Take C, for instance -- the latest incarnation, C99. Try to write a simple web page grabber. You'd soon find that it'd be impossible, as C and its standard library provide no way to access a network, and no way to access the hardware directly.

Eventually, you'd have to use a language (directly or by linking to a library) that did give you access to the hardware, like assembly... or C++.

So even though I'd like to think C is Turing-complete, it can't do everything either.
re: One small flaw
Posted by Jim Crawford on 2003-02-21 15:27:04
I've been meaning to respond to this once I found out what continuations actually were, but that's probably not going to happen soon since it's not a priority for me at this point. I'll try to come up with a response anyways.

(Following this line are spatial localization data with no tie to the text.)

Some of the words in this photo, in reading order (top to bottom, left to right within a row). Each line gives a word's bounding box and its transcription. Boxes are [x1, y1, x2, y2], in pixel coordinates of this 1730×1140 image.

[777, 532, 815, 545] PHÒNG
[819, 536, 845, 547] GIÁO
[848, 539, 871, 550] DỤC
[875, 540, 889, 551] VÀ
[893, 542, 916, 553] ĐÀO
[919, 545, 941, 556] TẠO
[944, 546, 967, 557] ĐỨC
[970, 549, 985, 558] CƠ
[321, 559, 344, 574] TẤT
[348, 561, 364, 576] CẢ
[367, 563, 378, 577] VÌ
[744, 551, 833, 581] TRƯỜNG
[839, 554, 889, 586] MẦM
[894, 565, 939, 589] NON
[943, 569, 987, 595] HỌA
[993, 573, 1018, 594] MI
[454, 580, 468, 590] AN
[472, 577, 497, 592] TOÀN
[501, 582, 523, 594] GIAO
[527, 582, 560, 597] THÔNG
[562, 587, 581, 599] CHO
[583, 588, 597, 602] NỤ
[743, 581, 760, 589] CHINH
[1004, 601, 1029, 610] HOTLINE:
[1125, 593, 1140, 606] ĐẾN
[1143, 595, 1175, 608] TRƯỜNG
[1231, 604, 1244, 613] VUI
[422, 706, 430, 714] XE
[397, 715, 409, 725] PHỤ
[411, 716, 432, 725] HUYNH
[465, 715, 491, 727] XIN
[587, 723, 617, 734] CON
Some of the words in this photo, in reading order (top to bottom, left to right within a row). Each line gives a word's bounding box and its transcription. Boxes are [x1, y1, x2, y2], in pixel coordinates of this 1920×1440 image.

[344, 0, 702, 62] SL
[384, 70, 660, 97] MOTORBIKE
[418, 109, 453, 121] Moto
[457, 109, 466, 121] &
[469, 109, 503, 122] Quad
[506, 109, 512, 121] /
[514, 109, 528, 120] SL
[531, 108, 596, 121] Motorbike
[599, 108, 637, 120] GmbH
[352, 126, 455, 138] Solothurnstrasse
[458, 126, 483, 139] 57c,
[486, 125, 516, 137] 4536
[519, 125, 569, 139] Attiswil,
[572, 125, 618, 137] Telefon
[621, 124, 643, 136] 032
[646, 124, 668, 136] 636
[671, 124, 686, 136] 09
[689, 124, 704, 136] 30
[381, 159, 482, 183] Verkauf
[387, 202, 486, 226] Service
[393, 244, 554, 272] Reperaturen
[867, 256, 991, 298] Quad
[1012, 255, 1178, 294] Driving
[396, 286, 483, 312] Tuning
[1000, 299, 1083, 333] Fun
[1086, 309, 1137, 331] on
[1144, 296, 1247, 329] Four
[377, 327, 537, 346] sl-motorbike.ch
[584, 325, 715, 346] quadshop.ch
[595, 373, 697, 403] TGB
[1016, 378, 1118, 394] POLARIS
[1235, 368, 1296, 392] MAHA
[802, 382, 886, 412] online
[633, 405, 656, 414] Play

Essentially, this functionality that you describe as missing from C is a matter of I/O. Turing machines can only solve a problem if they have access to all the necessary data. Continuations don't fall under the category of I/O (I know this much). They're a flow control mechanism, similar in functionality to a mutable call stack.

Oh, and I'd also like to point out that not only do I now like Python quite a bit, but I can't believe I ever thought it was the most vile of all mainstream languages. Clearly, that title belongs to Visual Basic and its eldritch brood.